Timeo di Locri, Sulla natura del mondo e dell’anima, Ets, pp. 97 € 6,71

venerdì 4 agosto 2023

Letture - 528

letterautore


Amore
- Il destino si può piegare in mille modi,  “ma non c’è assolutamente un modo per ognuno di innamorarsi”, Robert L. Stevenson, “On falling in Love” (in “Virginibus puerisque”).Soprattutto non c’è per gli scrittori, sembra dire, dall’esemplificazione che fa seguire alla massima: “Si sa di Shakespeare, del problema che gli si è creato quando la regina  Elisabetta gli chiese di inscenare Falstaff innamorato. Non credo che Henry Fielding sia mai stato innamorato. Scott, se non fosse per un passaggio o due in ‘Rob Roy’, mi darebbe la stessa impressione”.

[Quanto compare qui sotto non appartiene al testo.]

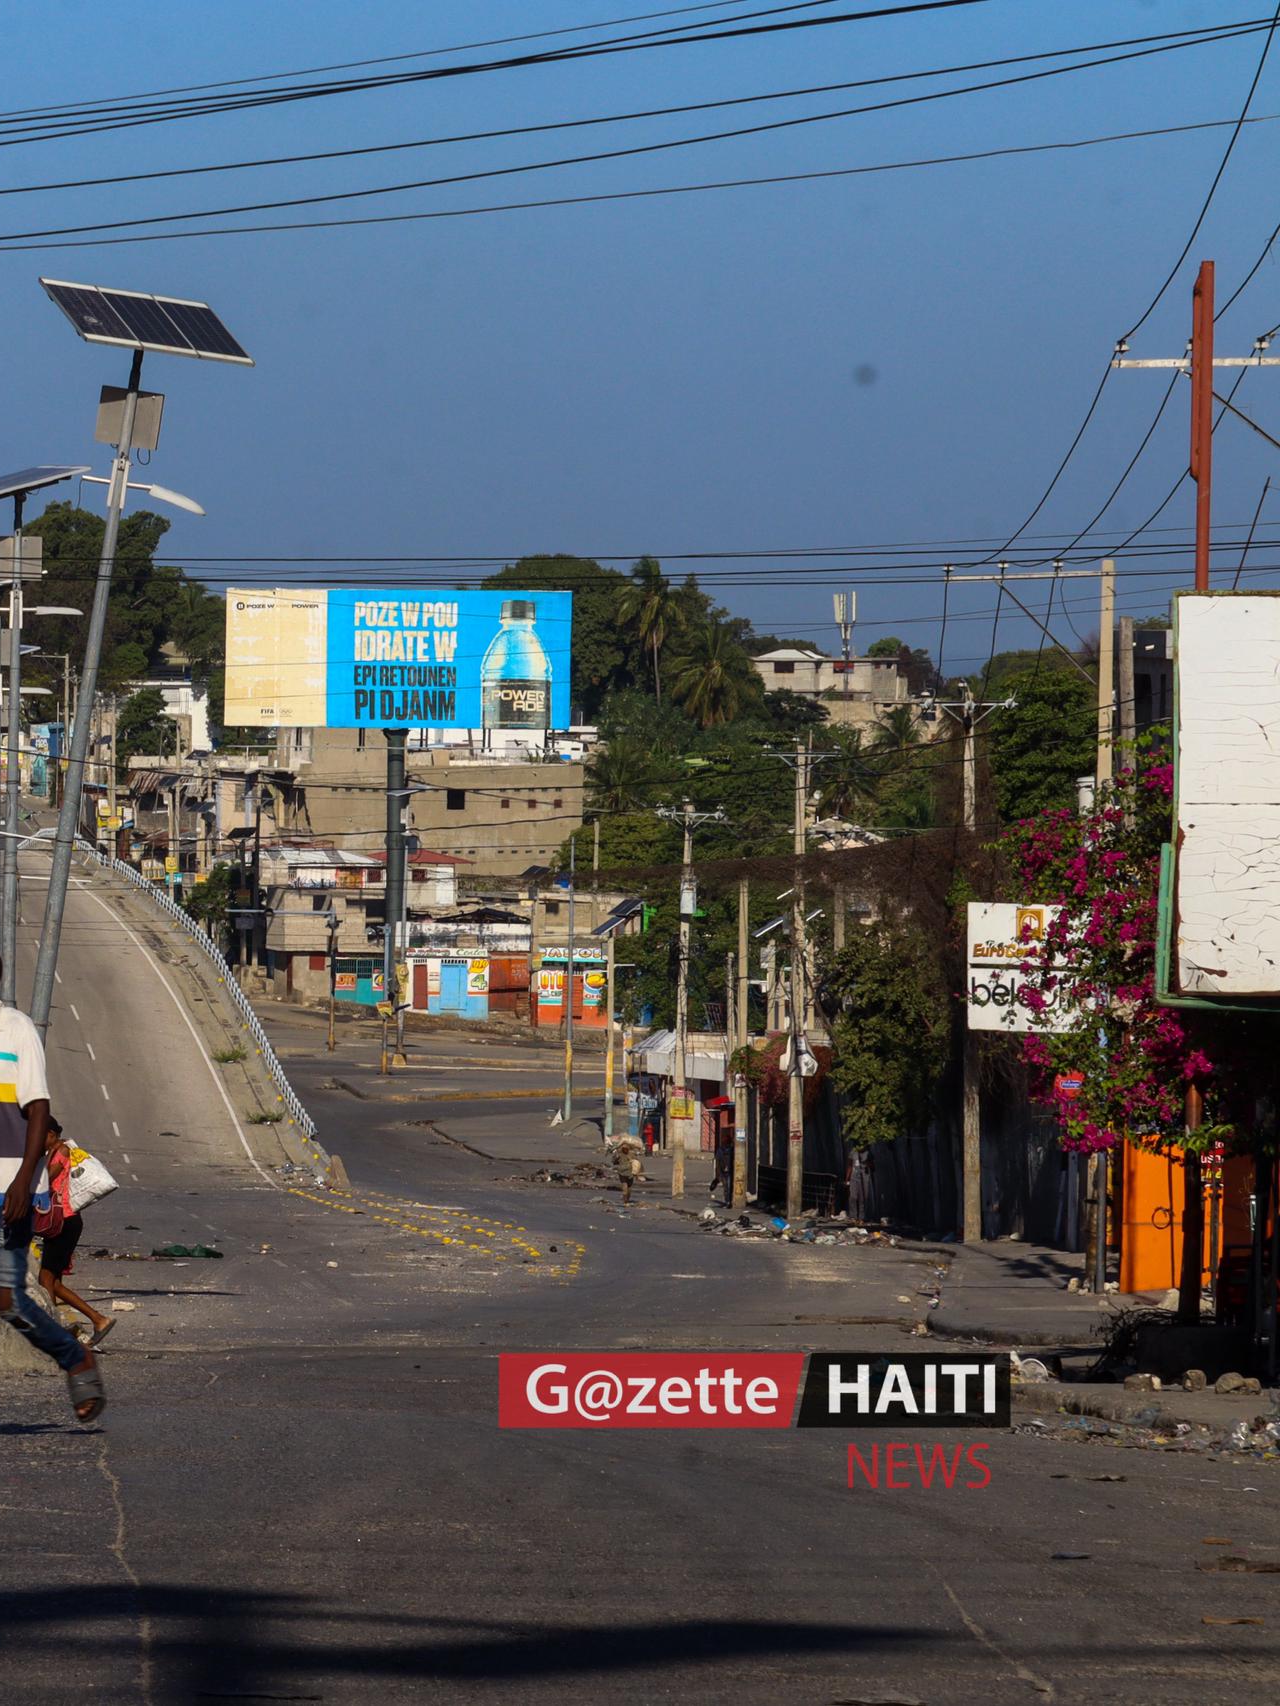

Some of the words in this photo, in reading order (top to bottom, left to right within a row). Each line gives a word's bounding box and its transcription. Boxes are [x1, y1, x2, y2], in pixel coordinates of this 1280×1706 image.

[354, 601, 399, 627] POZE
[401, 601, 420, 627] W
[422, 602, 458, 628] POU
[354, 630, 430, 662] IDRATE
[433, 630, 458, 662] W
[353, 665, 377, 686] EPI
[380, 665, 457, 688] RETOUNEN
[354, 689, 375, 720] PI
[380, 690, 456, 721] DJANM
[491, 689, 545, 701] POWER
[512, 700, 546, 712] ADE

Lo stesso Stevenson pensa della “innumerevole armata di persone anemiche fatte con lo stampino che occupano ordinatamente la faccia di questo pianeta” che la cosa è rara, per un motivo: “Il semplice incidente di innamorarsi è altrettanto benefico quanto è stupefacente”.

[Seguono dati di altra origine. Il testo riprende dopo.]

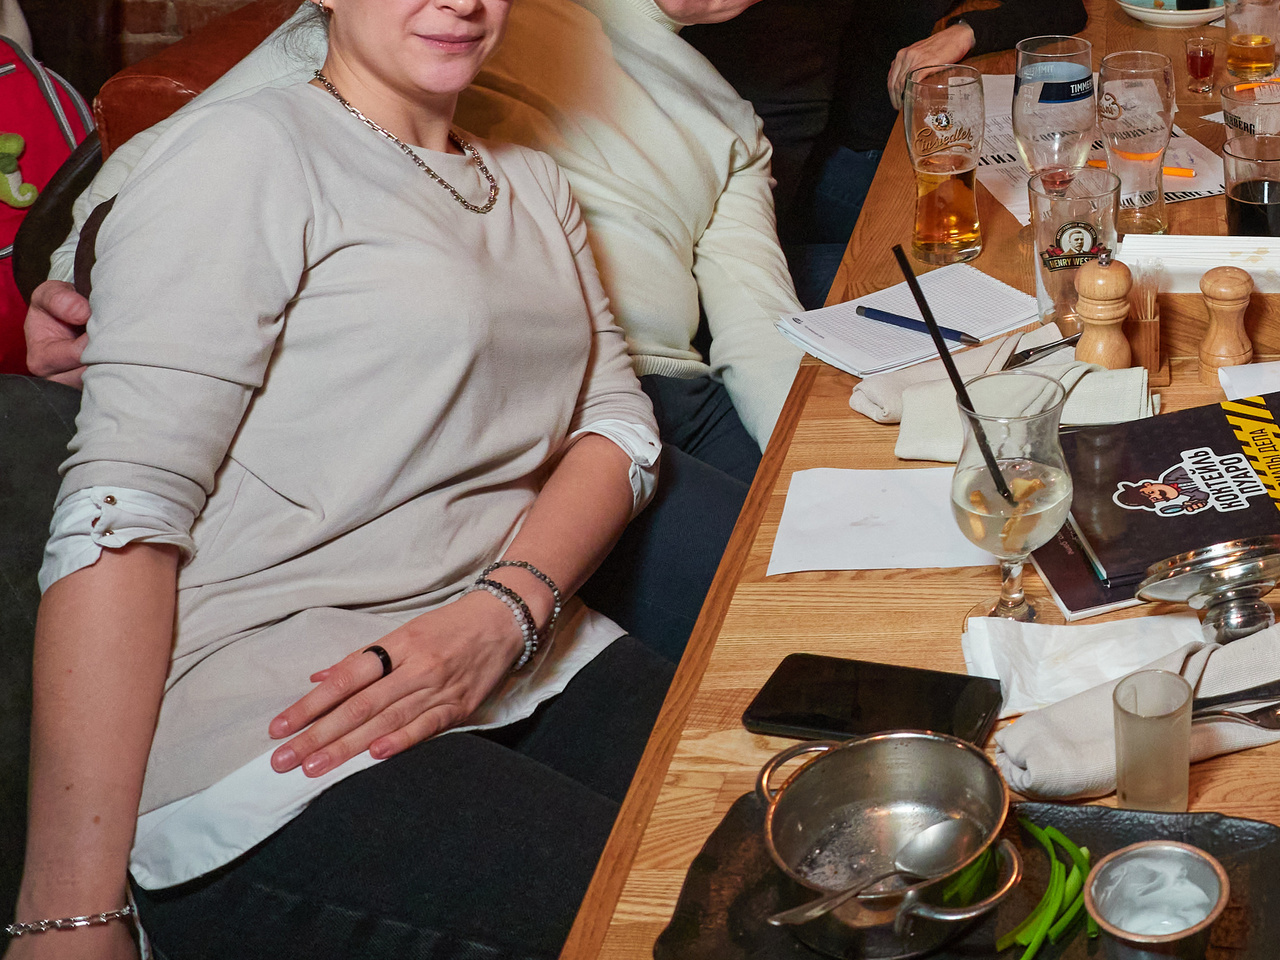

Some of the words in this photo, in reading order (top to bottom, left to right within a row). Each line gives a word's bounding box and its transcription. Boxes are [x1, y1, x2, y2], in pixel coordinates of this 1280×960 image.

[1250, 427, 1279, 453] ДЕЛА
[1188, 450, 1245, 510] КОКТЕЙЛЬ
[1219, 456, 1264, 495] ПУАРО
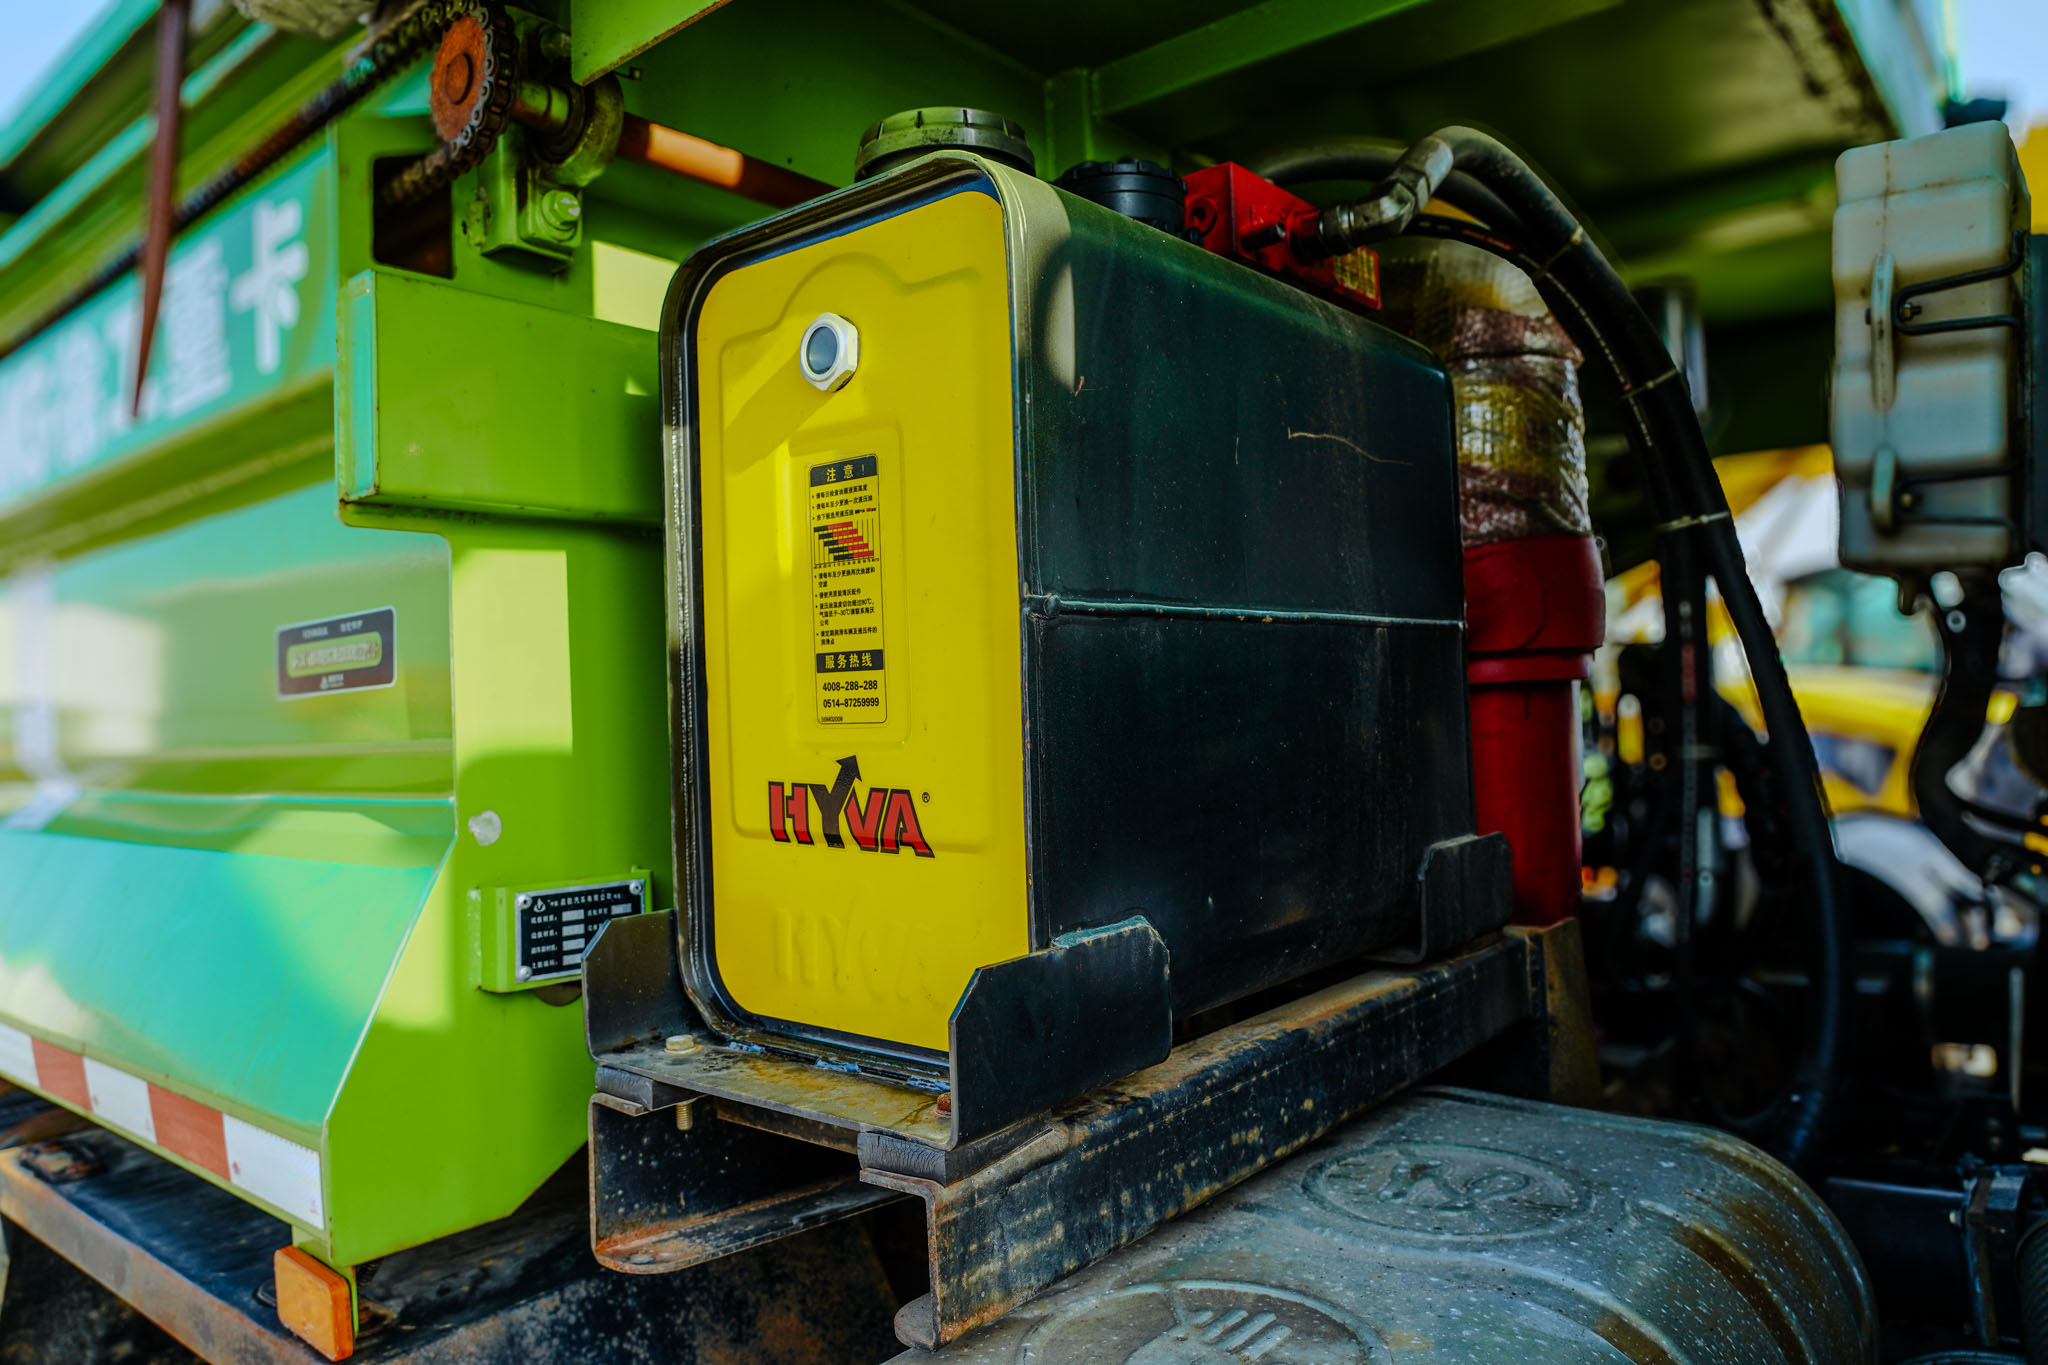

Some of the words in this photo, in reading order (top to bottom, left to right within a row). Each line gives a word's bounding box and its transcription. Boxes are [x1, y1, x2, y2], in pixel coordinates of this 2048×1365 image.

[825, 652, 873, 669] 服务热线
[822, 680, 878, 691] 4008-288-288
[823, 697, 880, 708] 0514-87259999
[768, 754, 936, 859] HYVA

È anche inclassificabile. Fra tutti i sentimenti, “l’amore, in particolare, non supera un riesame storico; per tutti quelli che lo hanno sperimentato, è uno dei fatti più incontestabili al mondo; ma se si comincia a chiedere che cosa era in altri periodi e paesi, in Grecia per esempio, i più diversi dubbi cominciano a insorgere”.
 
Analfabetismo di ritorno
–“L’ondata di immagini favorisce un nuovo analfabetismo”, poteva rilevare E. Jünger a fine anni 1980 in una serie di annotazioni occasionali poi pubblicate col titolo “La forbice”, §164: “La scrittura è sostituita dai segni, si può osservare il peggioramento dell’ortografia. Ne consegue l’involgarirsi della grammatica”.

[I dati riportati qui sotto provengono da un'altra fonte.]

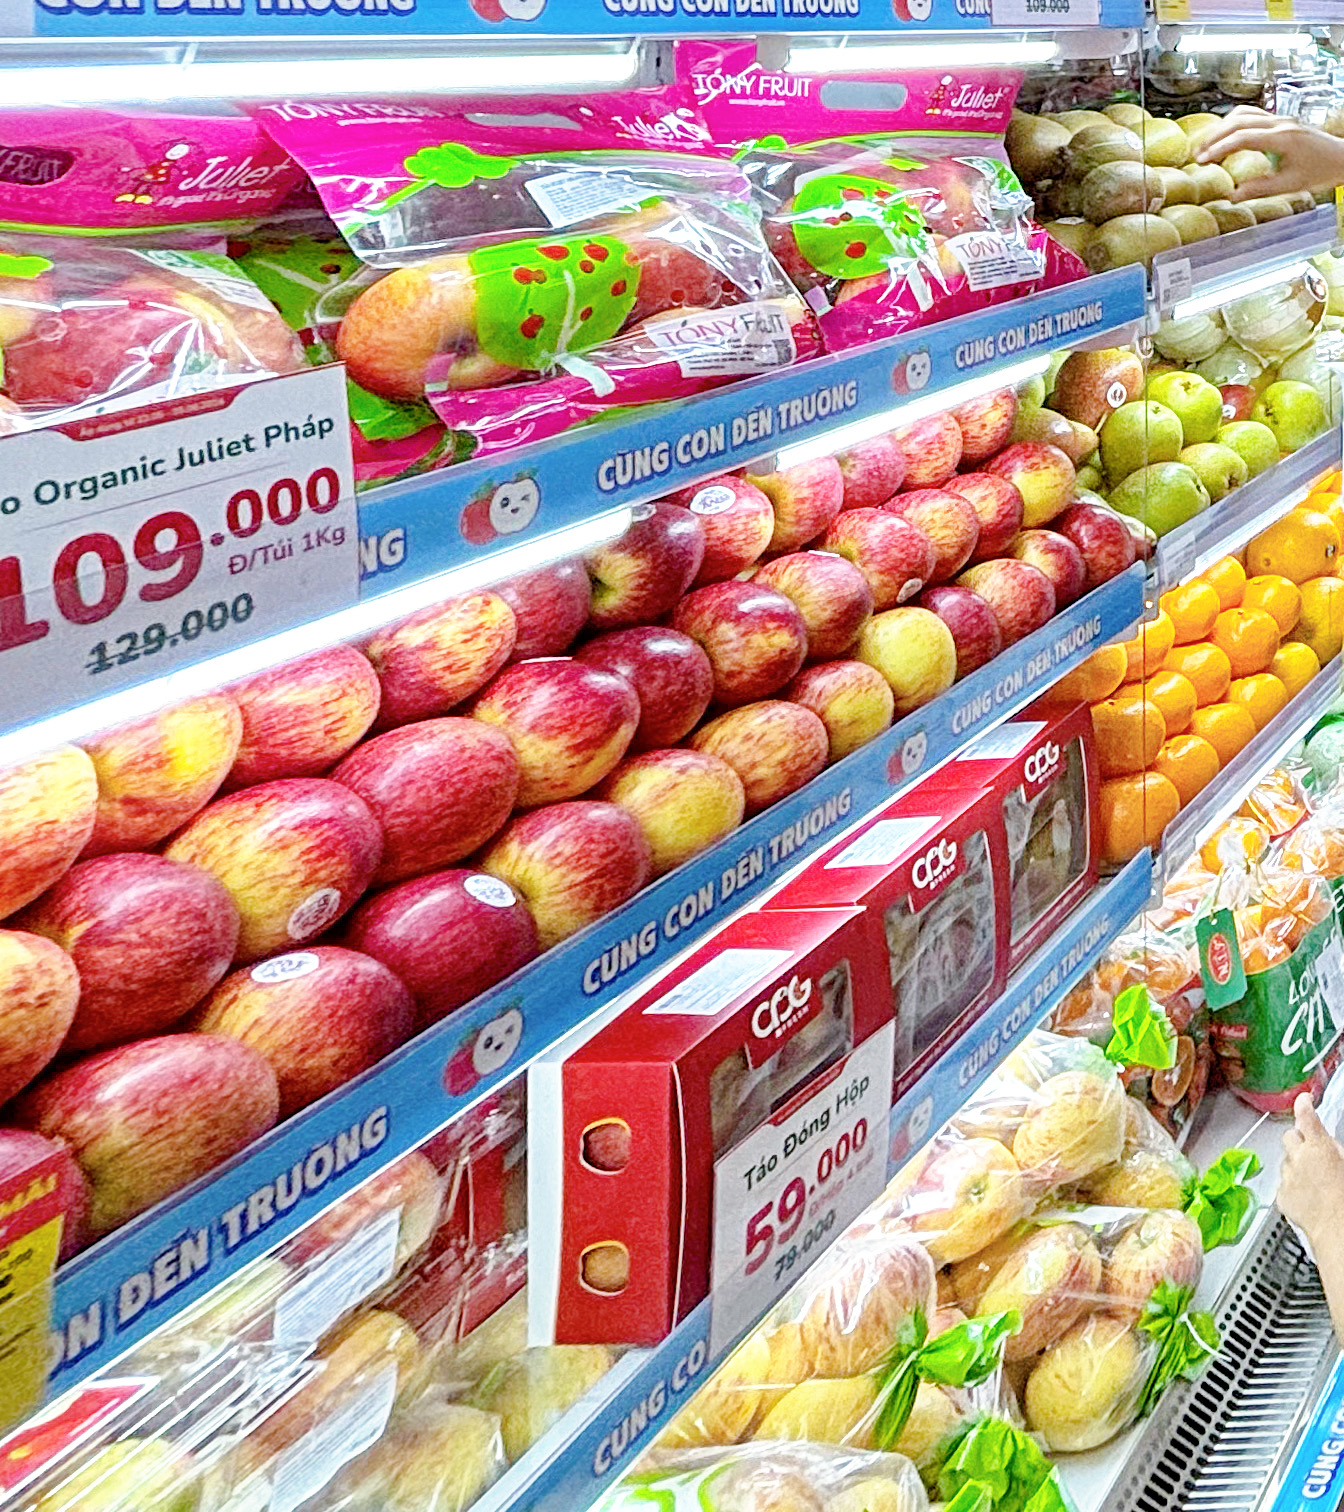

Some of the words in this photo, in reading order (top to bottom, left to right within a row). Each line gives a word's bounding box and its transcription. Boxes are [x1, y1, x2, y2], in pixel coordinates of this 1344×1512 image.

[758, 76, 812, 97] FRUIT
[950, 83, 1005, 110] Juliet
[179, 156, 293, 190] Juliet
[997, 327, 1026, 358] CON
[34, 456, 166, 506] Organic
[174, 437, 256, 473] Juliet
[264, 413, 335, 449] Pháp
[675, 428, 728, 476] CON
[0, 467, 340, 653] 109.000
[228, 537, 294, 576] Đ/Túi
[302, 525, 346, 553] 1Kg
[85, 592, 256, 675] 129.000
[995, 674, 1022, 707] CON
[663, 884, 715, 941] CON
[743, 1155, 778, 1192] Táo
[784, 1107, 831, 1159] Đóng
[836, 1076, 870, 1115] Hộp
[744, 1117, 869, 1277] 59.000
[774, 1208, 837, 1282] 79.000

E non aveva ancora gli emoticon, gli idiotismi, stretti, obbligati e decidui, le abbreviazioni da iniziati, le sigle variabili quasi quotidianamente – sempre da iniziati.
 
Braccio teso
– Il saluto romano, poi fascista e nazista, era un segno di difesa e non di affermazione? Così lo dice E. Jünger, “La forbice”, § 102, con “un significato magico”: “Il braccio teso in avanti orizzontalmente, esibito a difesa dallo sguardo del male, con un significato magico”.
 
Buon costume
– Era “teoria dei moralisti dell’Ottocento che il buon costume varia a seconda dei paralleli”” – E. Jünger, “Un incontro pericoloso”, p. 37.
 
Dante
– Leopardi non lo sentiva “suo”, a fronte del Tasso. In un esteso passo dello “Zibaldone”, 4255, a proposito delle sfortune dei due poeti, “sfortunatissimi”. Entrambi onorati, di cui visitiamo riverenti i sepolcri. Ma, continua Leopardi, “io, che ho pianto sopra quello del Tasso, non ho sentito alcun moto di tenerezza a quello di Dante”. Se lo rimprovera, avendo “un altissima stima, anzi ammirazione, verso Dante”. Tanto più che “le sventure di quello (Dante, n.d.r.) furono senza dubbi reali e grandi”, mentre “di questo (Tasso, n..d.r.) appena siamo certi che non fossero, almeno in gran parte, immaginarie”. E ne cerca il perché. Se lo dà in quanto “veggiamo in Dante un uomo d’animo forte, d‘animo bastante a reggere e sostenere la mala fortuna. Oltracciò un uomo che contrasta, e combatte con essa, colla necessità, col fato”. Un ritratto in qualche modo originale. Mentre “nel Tasso veggiamo uno  che è vinto dalla sua miseria, soccombente, atterrato”, etc.
 
Dante islamico
– Tante avventure nell’aldilà sono delle “Mille e una notte”.
 
Don Giovanni
– È coetaneo della Costituzione americana. “Il più famoso libertino all’opera, che impersona la libertà non solo dai vincoli sociali e politici ma dalla sessualità, la religione, e la stessa morale, è sempre stato una figura inquietante” - Larry Wolf, il cultore di Verdi, sulla “New York Review of Books”: “«Viva la libertà!» canta Don Giovanni come i suoi ospiti arrivano per una festa serale, e poiché l’opera fu composta nel 1787, nell’età dell’Illuminismo e alla vigilia della Rivoluzione Francese, non è irragionevole chiedersi che specie di libertà ha in mente. È la specie di libertà politica che fu stabilita nella Costituzione americana, anch’essa scritta nel 1787….”.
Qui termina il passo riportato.